Fluorescence quenching resulting in a decrease in ΔRFU is an important indicator of PCR inhibition because it does not always correlate with changes in the Ct value. The reasons for the Ct value changing can be both PCR inhibition and the loss of DNA during the extraction process. In contrast, the change in ΔRFU depends on the amount of inhibitors, rather than the amount of target DNA in the sample. Mechanisms for reducing ΔRFU include direct interference with the fluorophore and inhibition of the 5′–3′-exonuclease activity of the polymerase. As a result, the polymerase displaces the probe from the duplex complex without hydrolyzing it [43]. Fluorescence inhibition is an overlooked phenomenon that needs to be considered to allow for the development of optimal qPCR assays [44].
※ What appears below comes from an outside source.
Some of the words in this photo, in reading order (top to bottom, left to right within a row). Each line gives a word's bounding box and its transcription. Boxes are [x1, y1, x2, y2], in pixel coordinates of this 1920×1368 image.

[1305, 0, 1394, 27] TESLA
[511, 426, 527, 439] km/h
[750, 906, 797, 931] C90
The concentration of STH eggs before DNA isolation can significantly increase the sensitivity of molecular diagnostic methods for helminth infections in low-incidence regions, where patients with a low helminth invasion range often have relatively few parasite eggs in their feces. The use of commercially available parasite concentrators for feces is a fairly common practice in parasitological studies that use microscopy methods [45,46]. We have found a small number of works where protocols for isolating helminth DNA used flotation–sedimentation for concentrating parasite eggs from feces [47,48,49] and sewage sludge [50]. Nonetheless, in most of these works, the eggs were washed off coverslips after flotation for further DNA isolation, or from sieves, in the case of sewage sludge. This increases the risk of losing part of the eggs of parasites, and significantly complicates the procedure for DNA extraction, which makes these methods of isolation unsuitable for use in the routine laboratory diagnosis of helminthiases.
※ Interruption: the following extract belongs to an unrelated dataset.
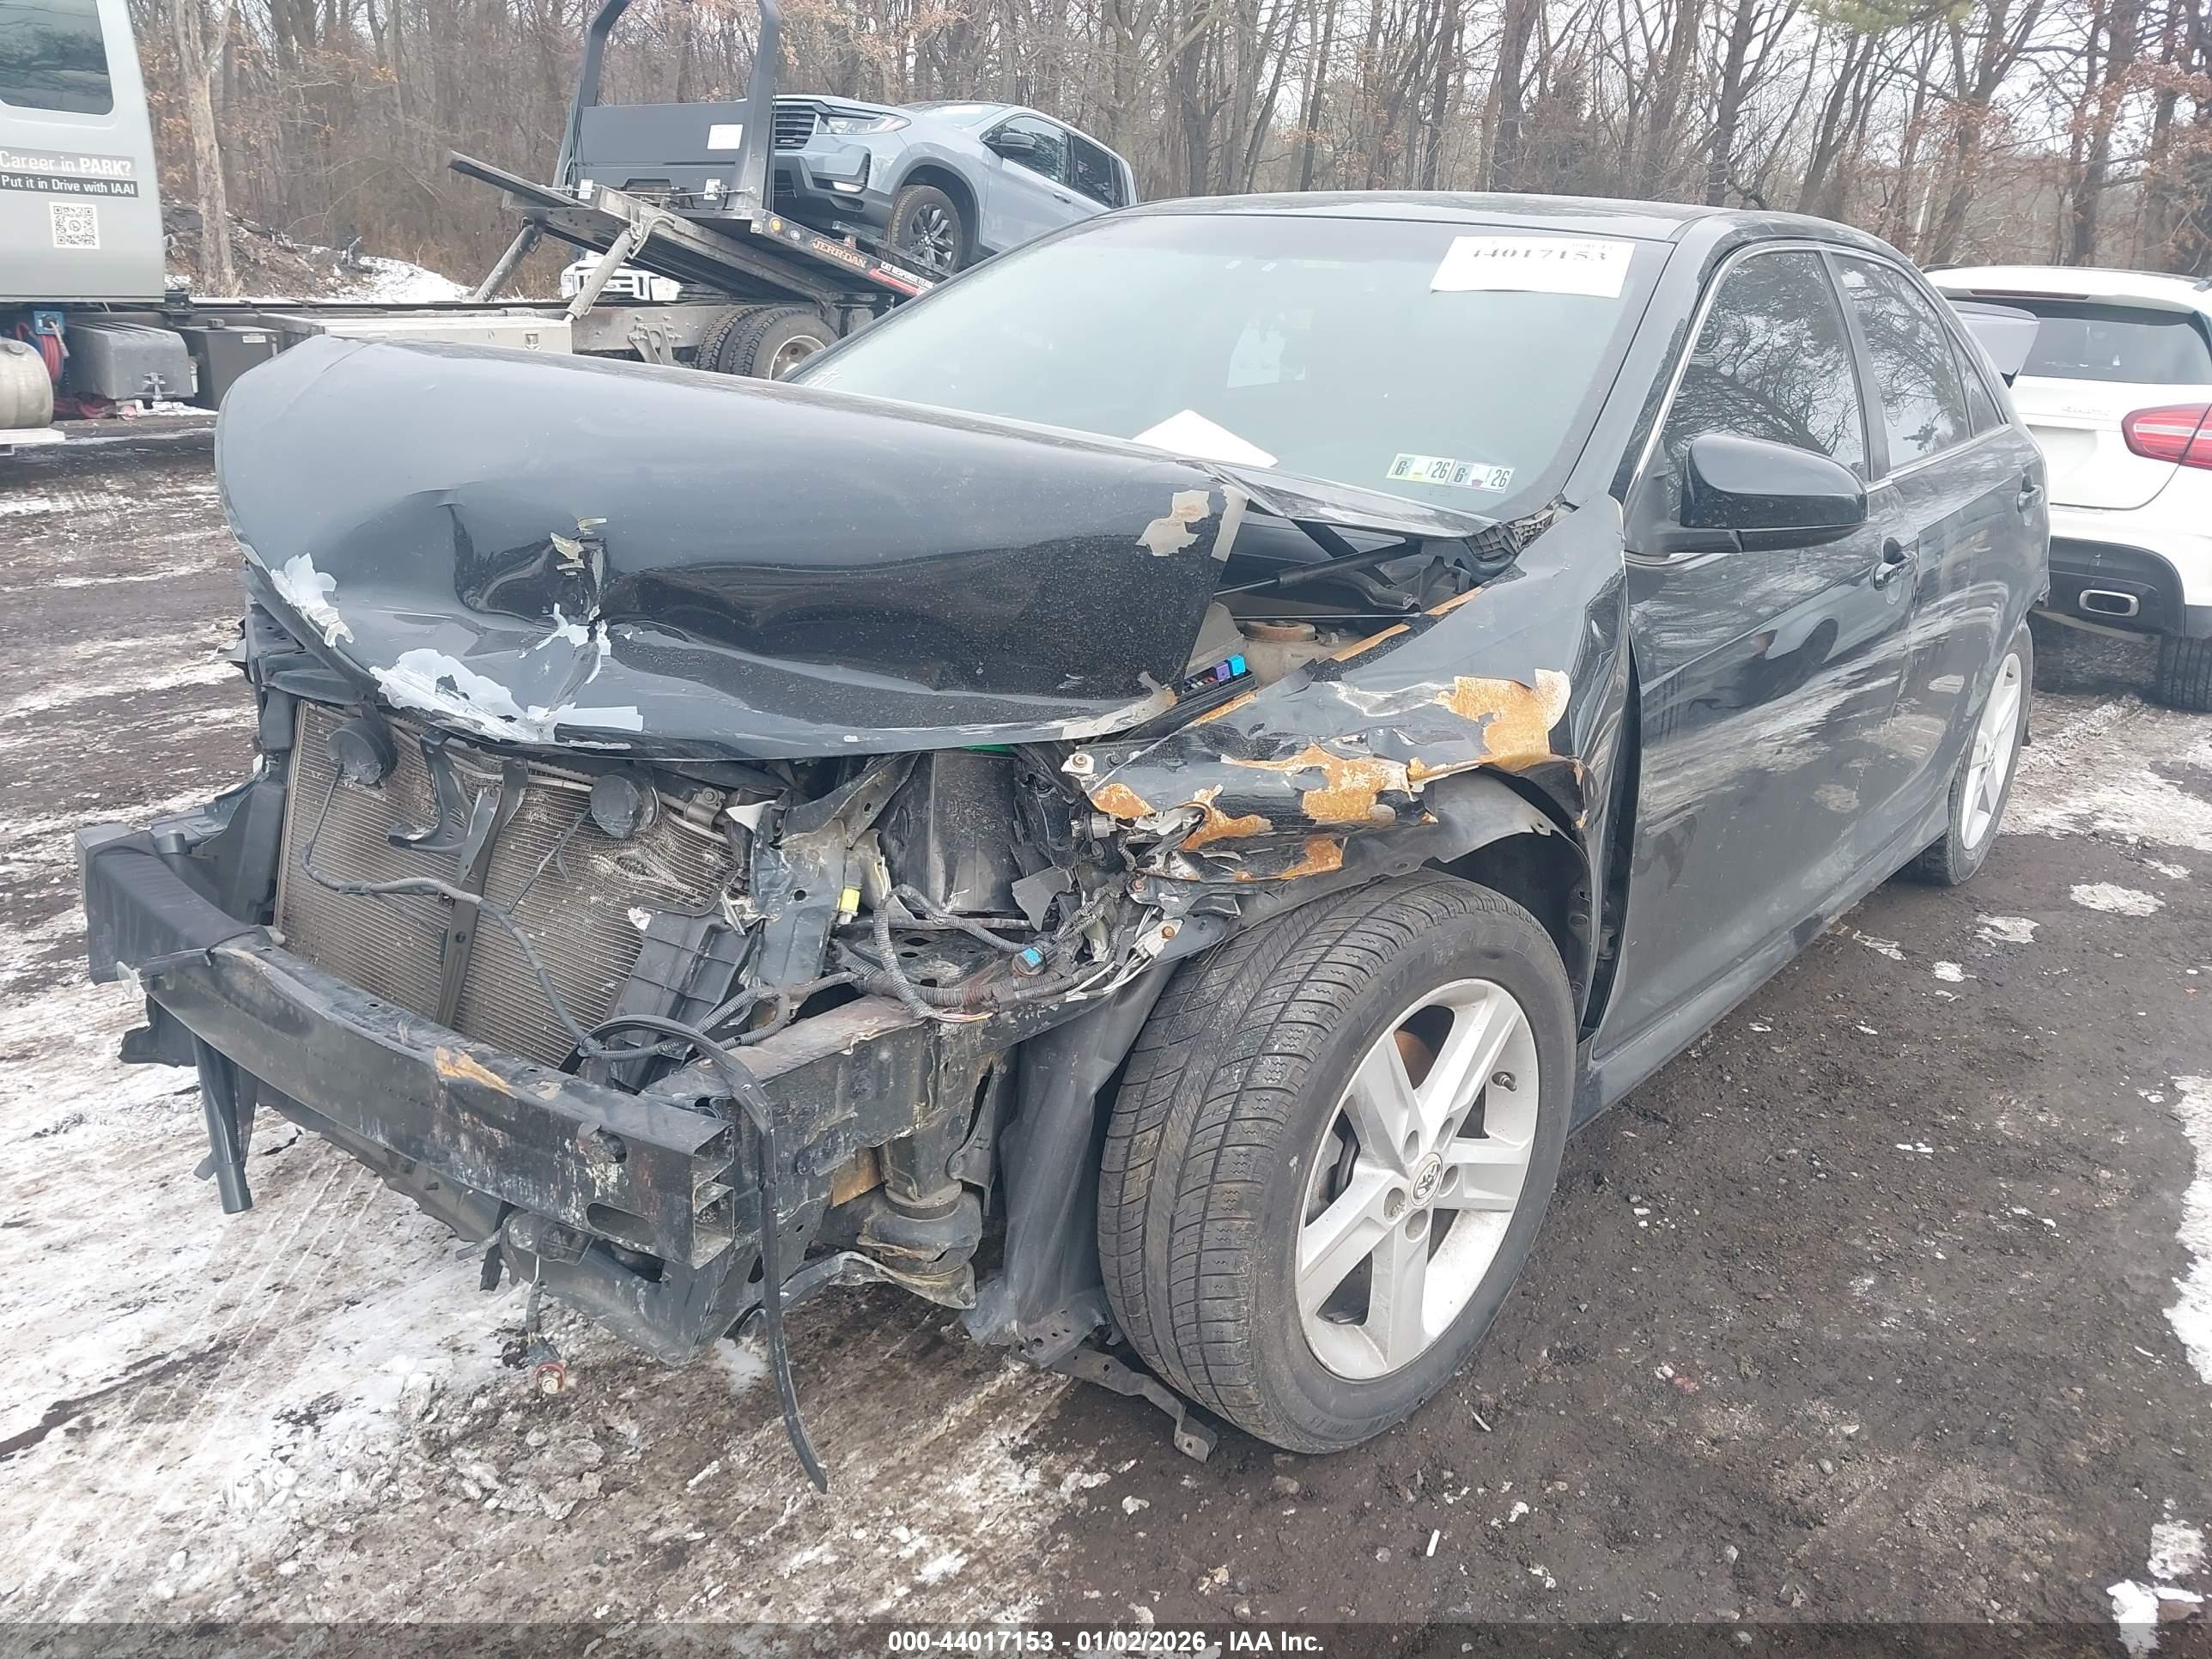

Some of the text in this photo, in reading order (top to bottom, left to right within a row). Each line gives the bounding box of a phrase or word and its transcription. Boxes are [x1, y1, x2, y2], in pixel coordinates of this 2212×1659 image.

[0, 150, 131, 177] Career in PARK?
[1, 174, 135, 195] Put it in Drive with IAAI
[1394, 459, 1450, 479] 6 26
[1453, 466, 1510, 488] 6 26
In addition, these works did not evaluate the effectiveness of the removal of PCR inhibitors by the flotation methods. Studies on the use of commercially available parasite egg concentrators for the isolation of STH DNA from feces are not found in the literature.
Theoretically, in addition to physical methods, it is possible to concentrate STH eggs from feces using immunosorbent methods. The literature describes protocols for isolating the DNA of protozoan parasites with concentration using the method of immunomagnetic separation [51]. However, this method is quite laborious and much more expensive than the parasite concentrator, and, before its use, a step of preliminary isolation of parasite cysts from feces is still necessary, for example, by flotation. In addition, the existing commercially available kits are designed for the immunomagnetic separation of protozoan parasites (Cryptosporidium spp., Giardia lamblia, etc.). The isolation of STH eggs by this method is likely to be less efficient due to the much larger size of helminth eggs compared to parasitic protozoan cysts.
We chose the PCR reaction parameters as the main indicators of the DNA extraction effectivity and did not use methods such as measuring the total DNA amount using NanoDrop. We preferred PCR because, compared with NanoDrop, PCR provides a measure of only the target T. canis DNA. NanoDrop, in contrast, measures the total amount of DNA, consisting mainly of bacterial DNA after being isolated from feces. Moreover, unlike NanoDrop, it is possible to compare the amount of inhibitors after different DNA extraction methods using a PCR.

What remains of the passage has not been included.